The cable network will announce at its upfront presentation in New York on Tuesday that it will double its original programming slate over the next four years. While the shows will vary from scripted dramas to reality series, they'll all be conscious of evolving technology and incorporate digital media and mobile viewing options.
"This current market, there's a lot of pundits saying it's very weak," ABC Family evp of sales and marketing Laura Nathanson said. "Yet we're having one of our best scatter years ever. We bring really great targeted audiences at great value."
ABC Family is the No. 1 ad-supported cable network during prime time for its key demos of women ages 18 to 34, 18 to 49 and 12 to 34. To take advantage of its leadership position, ABC Family president Tom Ascheim said the network decided to invest heavily in original programming to set itself apart from its competitors.
In addition to renewing hit series like Pretty Little Liars, Switched at Birth and The Fosters, the network will add scripted series Stitchers, Becoming Us and Kevin From Work this summer. Shadowhunters, which is based on the popular young adult book series The Mortal Instruments, and the drama Recovery Road are slated to air this fall. And eight more shows are in development.
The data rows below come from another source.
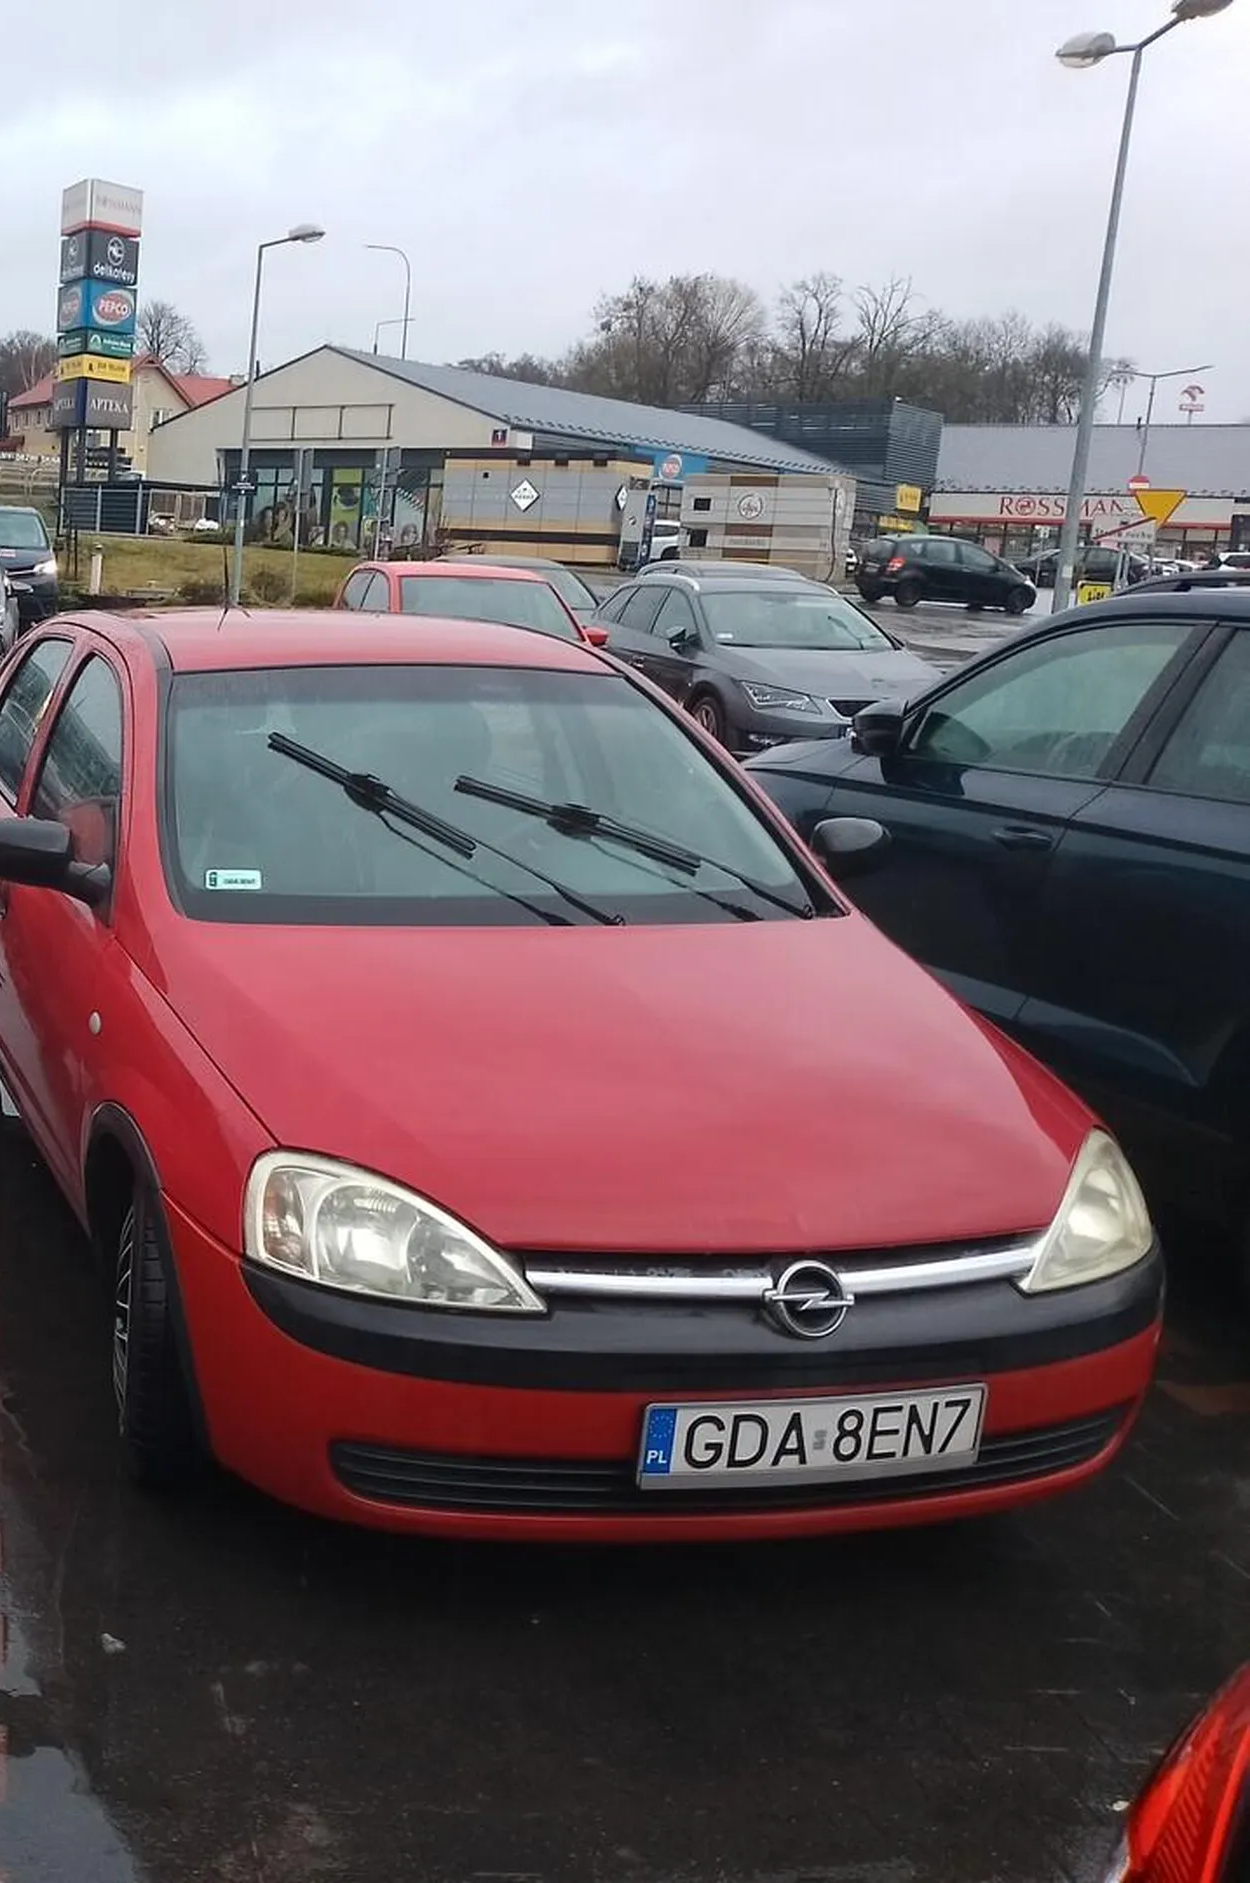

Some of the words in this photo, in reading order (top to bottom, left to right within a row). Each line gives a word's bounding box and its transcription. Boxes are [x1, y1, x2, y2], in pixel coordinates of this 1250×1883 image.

[99, 297, 128, 316] PEPCO
[90, 399, 129, 414] APTEKA
[684, 1411, 808, 1470] GDA
[832, 1398, 972, 1463] 8EN7
[646, 1449, 668, 1465] PL
"This is a market where you invest against the audience. I think you can have a shared viewership and shared dollars," Ascheim explained. "In a weak market, you really have a chance to stand out."
ABC Family's research has determined its main audience of female high school and college-aged viewers, as well as women within a decade of graduating school—which it calls "becomers"—consume about four hours of TV daily plus three hours on mobile devices. This group makes up 69 million consumers in the U.S., 70 percent of who are millennials (people between the ages of 19 and 35). However, in just half a decade, millennials will make up a little less than half of the group and give way to an even more connected Gen Z.
To prepare for this shift, ABC Family will launch the revamped Watch ABC Family app this summer to facilitate even more mobile viewing. In addition to a new user interface, it will make it easier for viewers to find their favorite shows, discover featured events, navigate through episode guides and explore additional content like behind-the-scenes videos, photo galleries and social media chatter from Instagram, Twitter and other platforms.
"The phone is the first smart TV," Ascheim said. "It's an incredible source of video. We're also embedding the social tools they love so much into the ABC Watch experience."
The network will also continue pushing its presence on social media. It said that among TV networks, it has the No. 1 socially engaged audience across Facebook, Instagram, Twitter and Tumblr, averaging more than 8.5 million engagements per show. The numbers place it 24 percent above second place AMC, and 63 percent ahead of the top broadcast network in the category, The CW.
In addition, talent will be presented to viewers in a more "relatable and less artificial way." This move is in line with what other brands are noticing resonates with younger audiences–namely, they prefer self-made social influencers over traditional celebrities.
This means despite the fact that many networks seem to be turning away from reality TV, ABC Family is banking on the genre, including the upcoming Startup U, Next Step Reality: NYC and I Am Maker, which is in development. The documentary series, which is co-produced by Disney-owned multi-channel network Maker Studios, will follow up-and-coming YouTube stars who will live together and be mentored by top Maker creators as they launch their online careers.
"Where other people are scaling back, we see an opportunity," said Karey Burke, ABC Family evp of programming and development. "This generation [becomers] is a little bit more aspirational. We feel like the era of trash-talking, train-wreck reality TV shows is waning. We're focusing on real aspirational 'becomer' portraits."